*** Record excerpts Section Begins ***
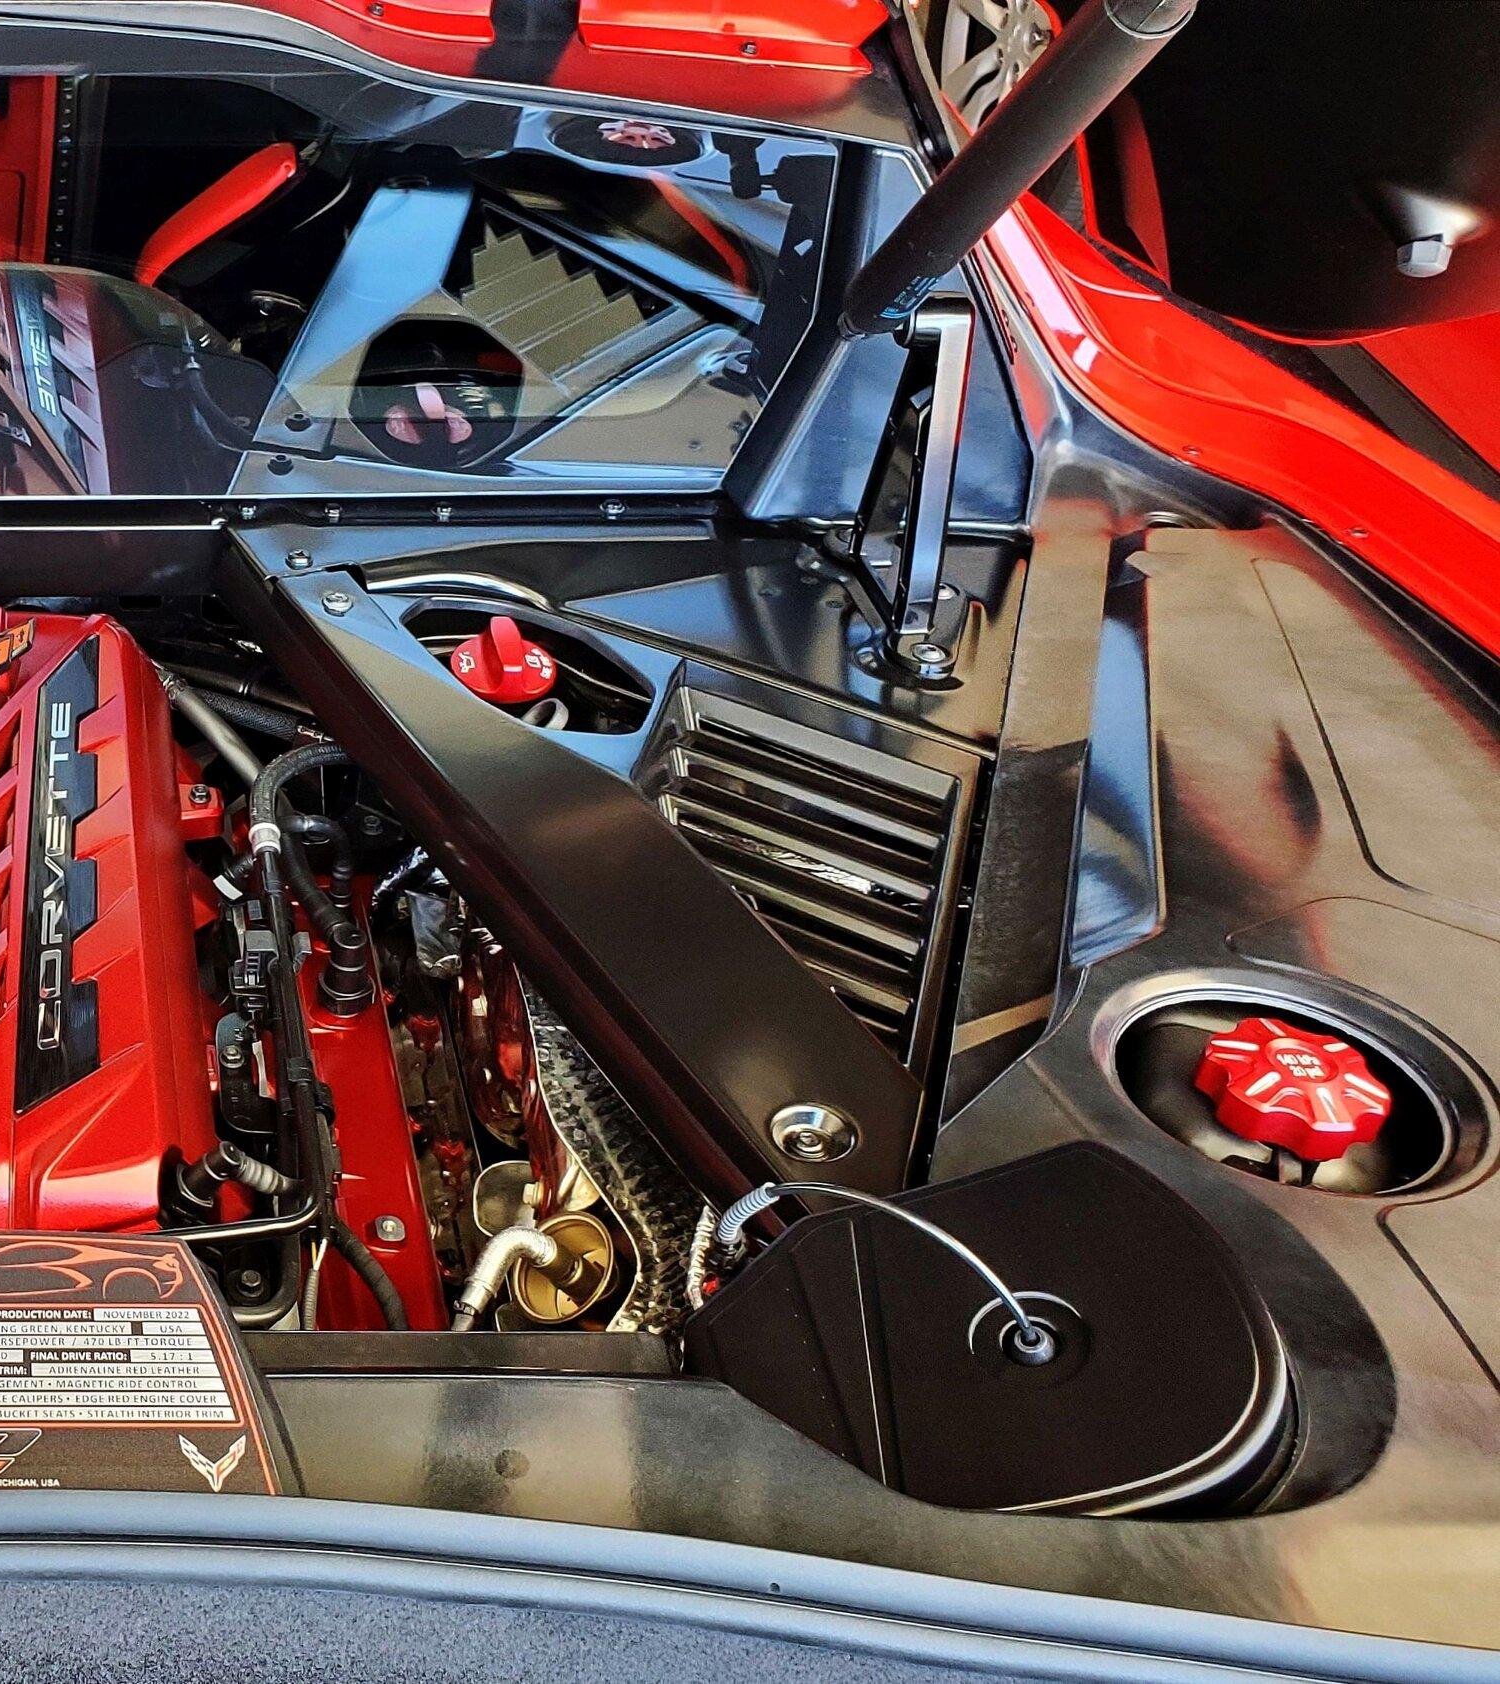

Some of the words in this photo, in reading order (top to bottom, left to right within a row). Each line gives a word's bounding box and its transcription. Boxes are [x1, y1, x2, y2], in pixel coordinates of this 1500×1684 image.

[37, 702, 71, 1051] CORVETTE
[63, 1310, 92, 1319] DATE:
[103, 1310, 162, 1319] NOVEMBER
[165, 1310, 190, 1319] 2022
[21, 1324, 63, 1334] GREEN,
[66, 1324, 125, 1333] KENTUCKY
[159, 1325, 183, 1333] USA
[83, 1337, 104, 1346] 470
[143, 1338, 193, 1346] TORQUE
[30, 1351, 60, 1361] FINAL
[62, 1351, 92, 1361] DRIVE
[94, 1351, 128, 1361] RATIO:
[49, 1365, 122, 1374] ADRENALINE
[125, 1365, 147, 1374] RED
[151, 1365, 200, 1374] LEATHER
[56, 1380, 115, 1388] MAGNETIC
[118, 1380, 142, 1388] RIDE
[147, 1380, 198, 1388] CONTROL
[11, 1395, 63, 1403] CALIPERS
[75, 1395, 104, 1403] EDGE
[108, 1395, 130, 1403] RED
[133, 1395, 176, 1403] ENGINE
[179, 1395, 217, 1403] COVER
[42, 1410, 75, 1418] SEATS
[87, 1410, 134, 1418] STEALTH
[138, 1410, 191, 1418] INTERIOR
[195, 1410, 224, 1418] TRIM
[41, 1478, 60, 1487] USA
*** Record excerpts Section Ends ***
**Your instructions**
In the copy, include no pictures; restate the listing above exactly.

**Response to the task**
Some of the words in this photo, in reading order (top to bottom, left to right within a row). Each line gives a word's bounding box and its transcription. Boxes are [x1, y1, x2, y2], in pixel coordinates of this 1500×1684 image.

[37, 702, 71, 1051] CORVETTE
[63, 1310, 92, 1319] DATE:
[103, 1310, 162, 1319] NOVEMBER
[165, 1310, 190, 1319] 2022
[21, 1324, 63, 1334] GREEN,
[66, 1324, 125, 1333] KENTUCKY
[159, 1325, 183, 1333] USA
[83, 1337, 104, 1346] 470
[143, 1338, 193, 1346] TORQUE
[30, 1351, 60, 1361] FINAL
[62, 1351, 92, 1361] DRIVE
[94, 1351, 128, 1361] RATIO:
[49, 1365, 122, 1374] ADRENALINE
[125, 1365, 147, 1374] RED
[151, 1365, 200, 1374] LEATHER
[56, 1380, 115, 1388] MAGNETIC
[118, 1380, 142, 1388] RIDE
[147, 1380, 198, 1388] CONTROL
[11, 1395, 63, 1403] CALIPERS
[75, 1395, 104, 1403] EDGE
[108, 1395, 130, 1403] RED
[133, 1395, 176, 1403] ENGINE
[179, 1395, 217, 1403] COVER
[42, 1410, 75, 1418] SEATS
[87, 1410, 134, 1418] STEALTH
[138, 1410, 191, 1418] INTERIOR
[195, 1410, 224, 1418] TRIM
[41, 1478, 60, 1487] USA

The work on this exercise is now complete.